Source Information

Ancestry.com. Missouri, U.S., Death Records, 1850-1931 [database on-line]. Provo, UT, USA: Ancestry.com Operations, Inc., 2008.
Original data: Missouri Death Records. Jefferson City, MO, USA: Missouri State Archives. Microfilm.

About Missouri, U.S., Death Records, 1850-1931

This database contains death registers from Missouri covering the years 1834 to 1910. Information contained in this database includes the following:

  • Name of deceased
  • Gender
  • Race
  • Birth date or age at time of death
  • Death place
  • Death date
  • Father’s name
  • Mother’s name
  • Spouse’s name
  • Spouse’s birth date or age

Note: Not all entries will contain all of this information. There may also be additional information listed in the actual death registers and can be found by viewing the register images.

Where to Go From Here:

With the information provided in this database, you may be able to obtain a copy of a death certificate. If possible, it is important that you do this as there may be additional information recorded on the certificate. For information on how to order death certificates see the below sections.
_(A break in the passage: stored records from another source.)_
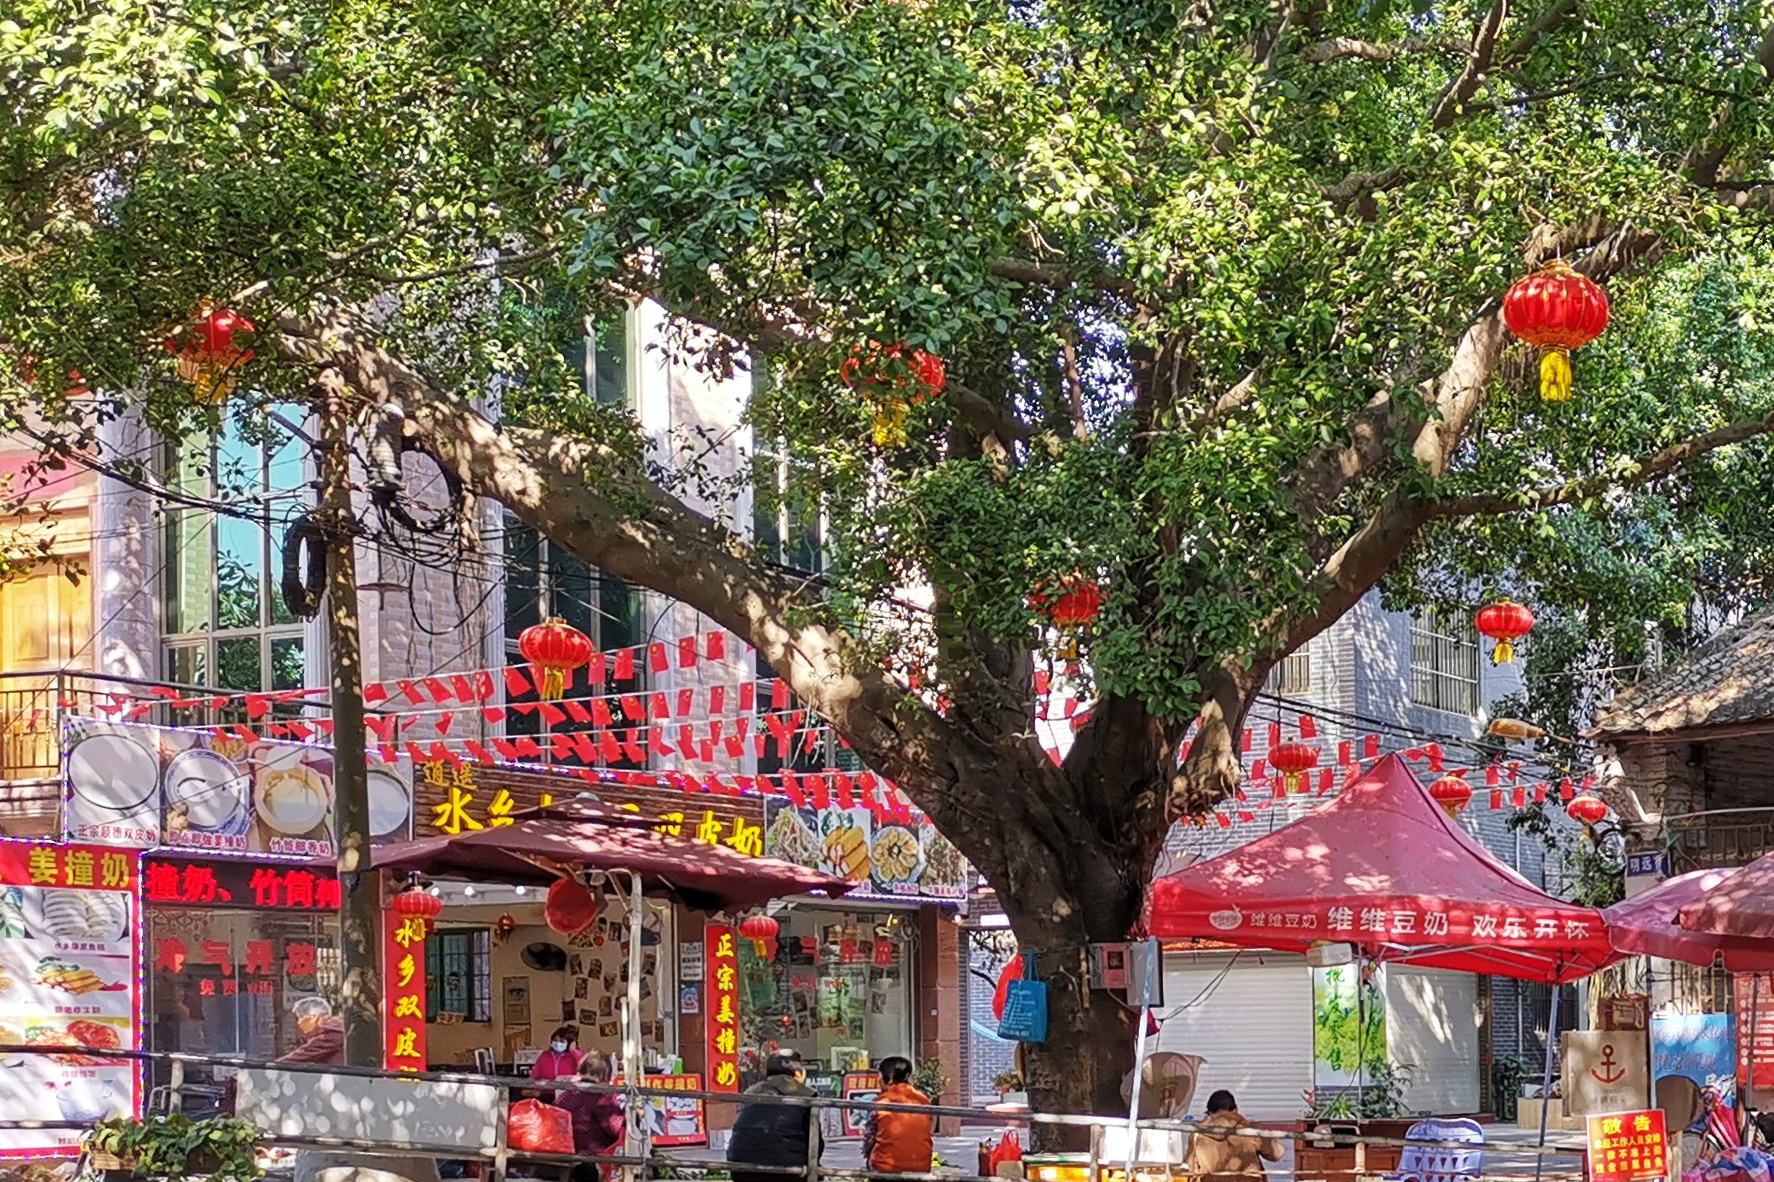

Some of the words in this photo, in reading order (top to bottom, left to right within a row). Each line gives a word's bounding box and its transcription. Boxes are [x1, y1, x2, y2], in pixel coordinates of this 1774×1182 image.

[28, 847, 129, 887] 姜撞奶
[1250, 913, 1317, 929] 维维豆奶
[1327, 906, 1449, 935] 维维豆奶
[1471, 914, 1590, 939] 欢乐开怀
[714, 932, 738, 1087] 正宗姜撞奶
More About Death Records in Missouri:

No vital records were kept on the state level before 16 August 1909. The Bureau of Vital Statistics (Missouri Department of Health and Senior Services, Bureau of Vital Records, P.O. Box 570, Jefferson City, MO 65102) maintains certificates of Missouri deaths less than fifty years old. A $10 search fee includes one certified copy of the death record, if found. The application for copies of birth or death certificates can be downloaded from the Missouri Vital Records website.

In 1883 Missouri passed a state law requiring the recording of births and deaths at the county level. Ten years later this law was inadvertently repealed. At any rate, compliance was poor. Most counties do have these registers, but there is enormous variation as to how complete and/or comprehensive they are.
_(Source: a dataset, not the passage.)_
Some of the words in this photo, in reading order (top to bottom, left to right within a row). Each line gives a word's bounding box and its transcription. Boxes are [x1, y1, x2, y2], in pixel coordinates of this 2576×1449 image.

St. Louis and Kansas City Deaths:

In the city of St. Louis, deaths were recorded from 1850-1910. It is estimated that only about 60 percent of the deaths that occurred during this period were recorded. These St. Louis City death registers have been microfilmed and are available through Missouri State Archives. Certified death certificates from 1870 to the present in the City of St. Louis can be requested by writing to St. Louis City Vital Records/Recorder of Deeds, City Hall, Room 126, 1200 Market St., St. Louis, MO 63103. Request forms are available for download from the St Louis Municipal Government. The fee in 2004 was $10. Kansas City also has intermittent early death records (1874-1910). The 2004 fee was $3 per search and $3 per copy, and the address for inquiry is Kansas City Vital Records, 2400 Troost Ave., Ste. 1200, Kansas City, MO 64108.

Taken from Marsha Hoffman Rising and Pamela Boyer Porter, “Missouri,” in Red Book: American State, County, and Town Sources, 3d ed., ed. Alice Eichholz. (Provo, Utah: Ancestry, 2004).